EXERCISE INSTRUCTIONS>
Only the pictures are to be dropped; the rest of the data below is to be duplicated exactly.

DATA SUPPLIED>
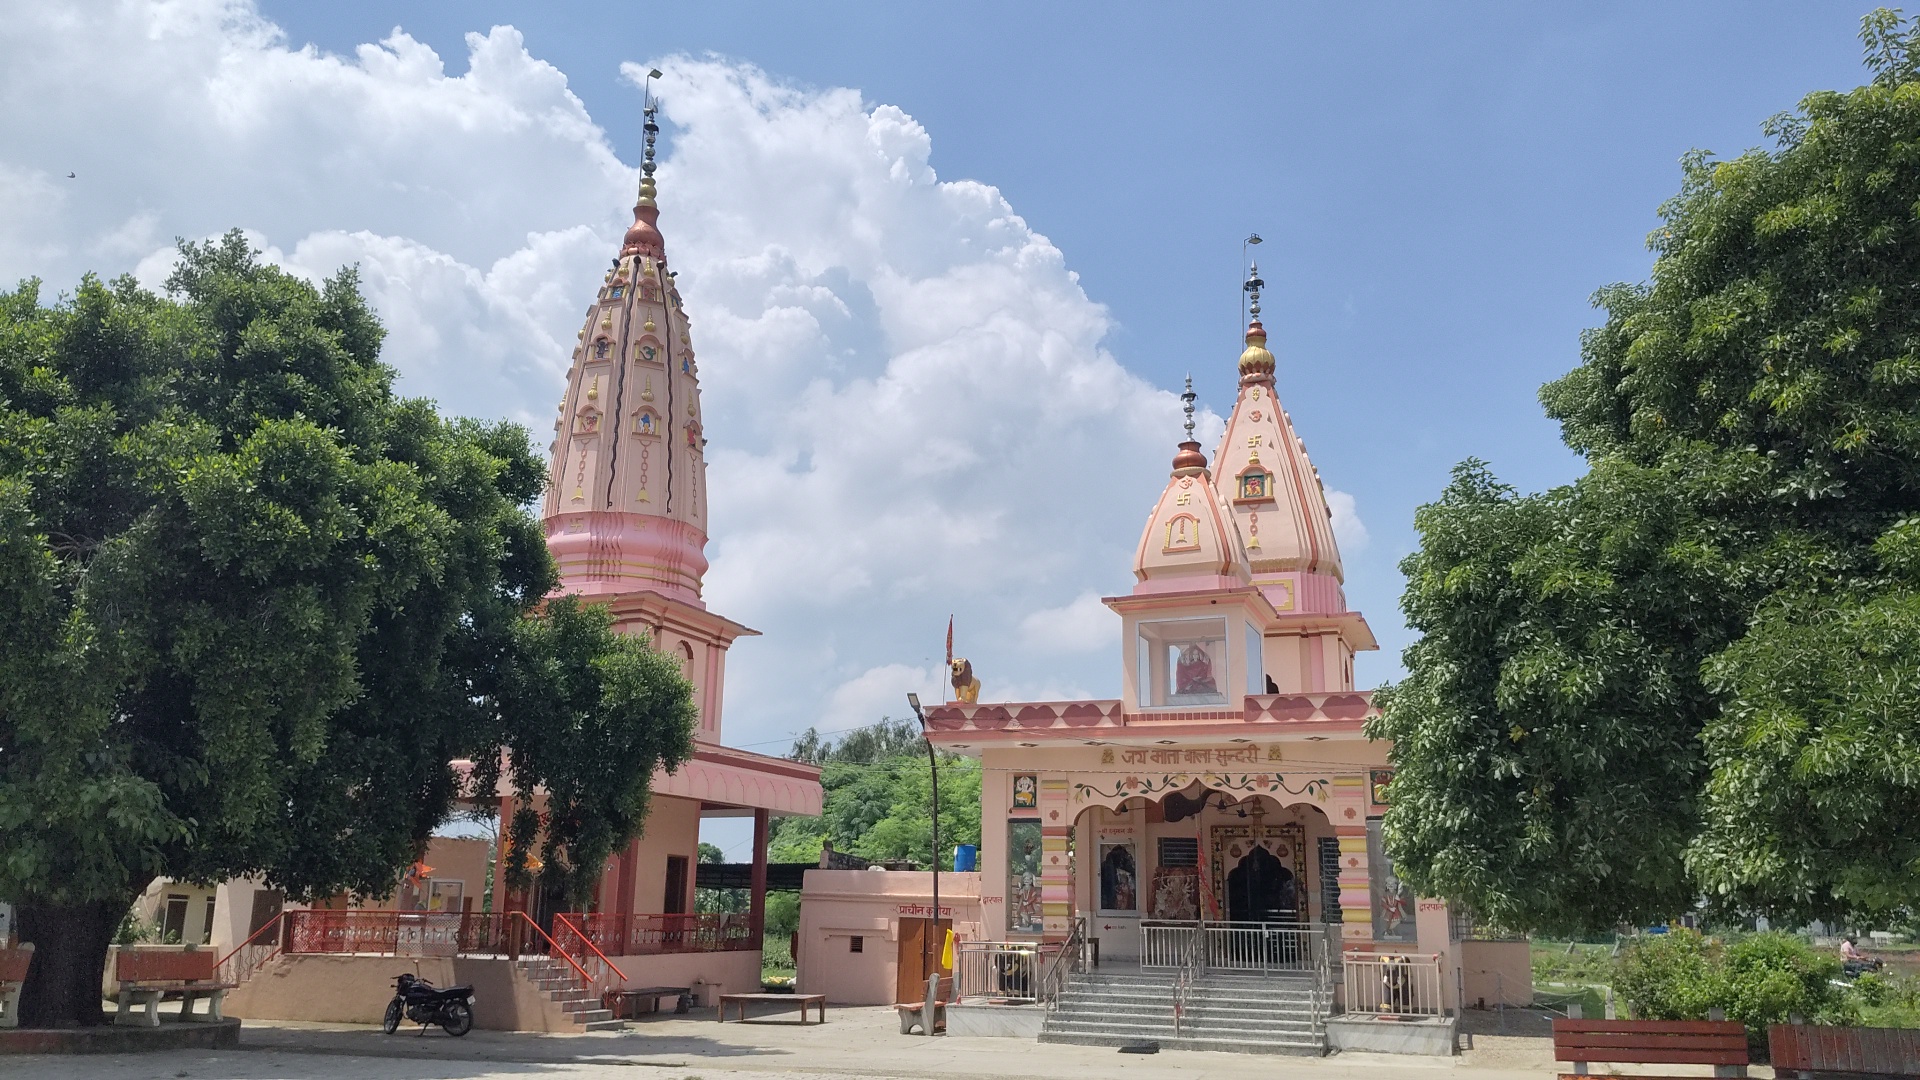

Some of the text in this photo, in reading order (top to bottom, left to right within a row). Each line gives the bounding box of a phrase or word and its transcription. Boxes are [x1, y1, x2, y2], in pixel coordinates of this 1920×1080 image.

[1121, 744, 1260, 766] जय माता बाला सुन्दरी
[899, 903, 951, 917] प्राचीन कुीया
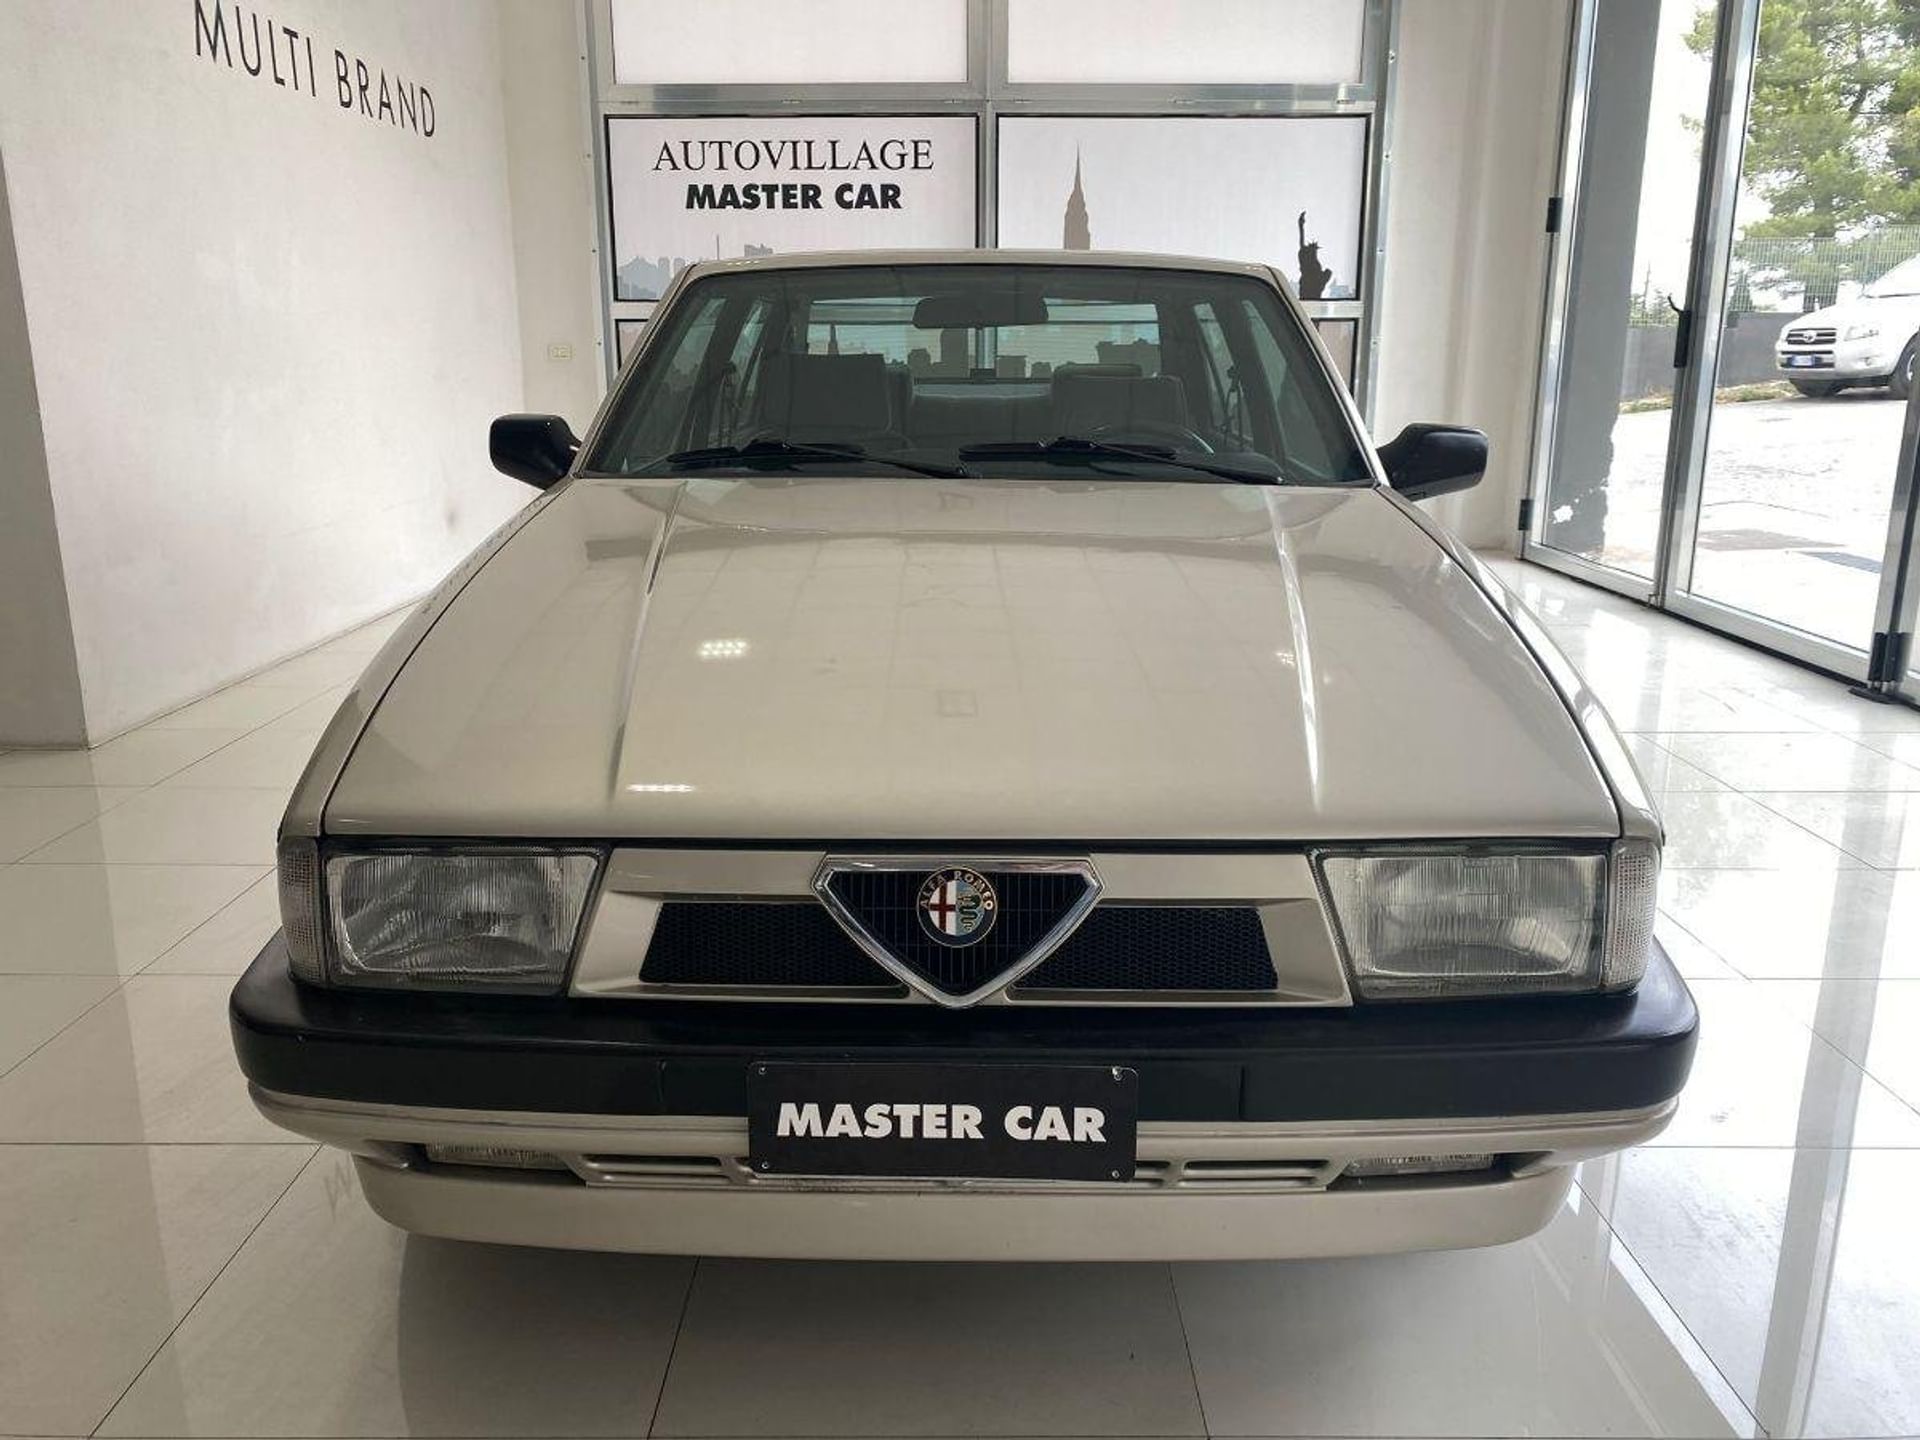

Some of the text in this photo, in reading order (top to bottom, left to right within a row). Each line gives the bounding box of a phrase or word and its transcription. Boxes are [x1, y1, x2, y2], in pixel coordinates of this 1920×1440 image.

[194, 0, 436, 138] MULTI BRAND
[652, 139, 935, 171] AUTOVILLAGE
[685, 183, 902, 210] MASTER CAR
[920, 870, 994, 911] ALFA ROMEO
[776, 1102, 1107, 1143] MASTER CAR
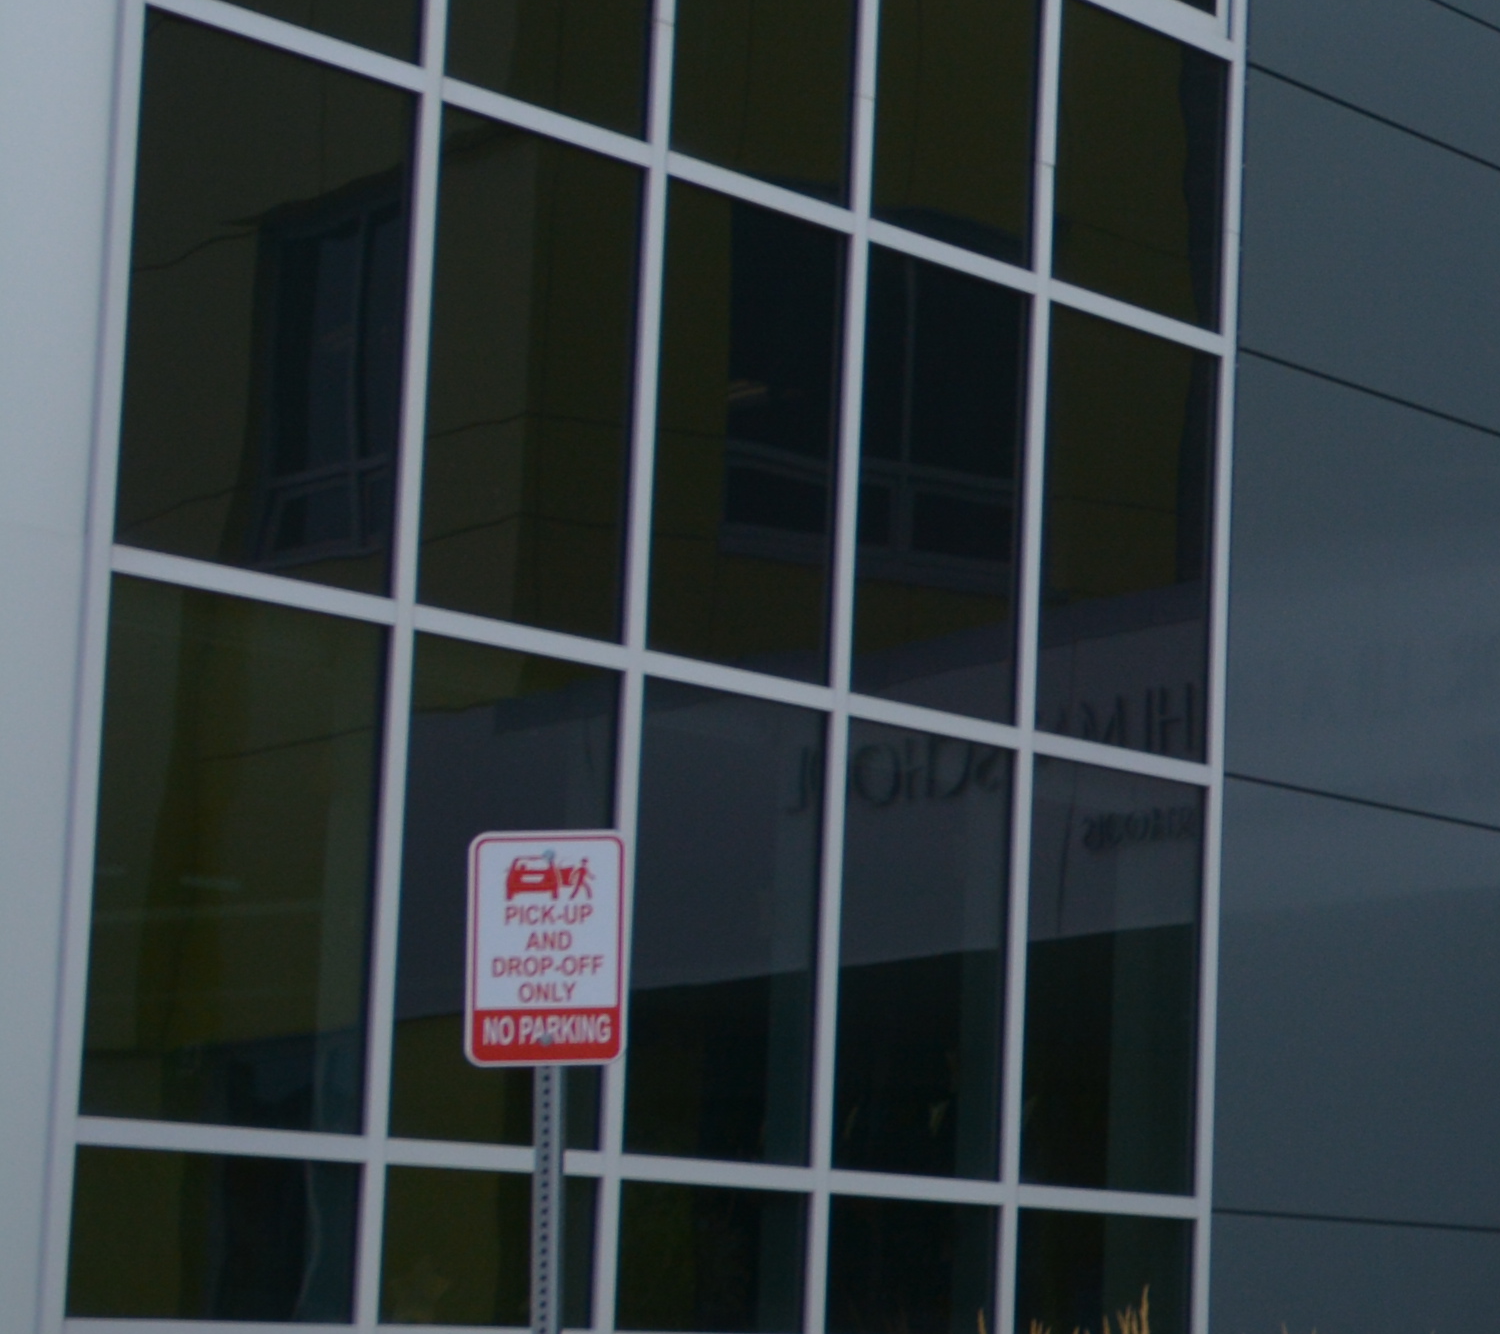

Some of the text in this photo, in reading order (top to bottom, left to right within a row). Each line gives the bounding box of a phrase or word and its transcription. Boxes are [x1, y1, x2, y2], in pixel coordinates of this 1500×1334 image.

ANSWER TO THE EXERCISE>
Some of the text in this photo, in reading order (top to bottom, left to right within a row). Each line gives the bounding box of a phrase or word and its transcription. Boxes are [x1, y1, x2, y2], in pixel coordinates of this 1920×1080 image.

[1121, 744, 1260, 766] जय माता बाला सुन्दरी
[899, 903, 951, 917] प्राचीन कुीया

Some of the text in this photo, in reading order (top to bottom, left to right within a row). Each line gives the bounding box of a phrase or word and its transcription. Boxes are [x1, y1, x2, y2], in pixel coordinates of this 1920×1440 image.

[194, 0, 436, 138] MULTI BRAND
[652, 139, 935, 171] AUTOVILLAGE
[685, 183, 902, 210] MASTER CAR
[920, 870, 994, 911] ALFA ROMEO
[776, 1102, 1107, 1143] MASTER CAR

Some of the text in this photo, in reading order (top to bottom, left to right within a row). Each line gives the bounding box of a phrase or word and its transcription. Boxes are [x1, y1, x2, y2], in pixel coordinates of this 1500×1334 image.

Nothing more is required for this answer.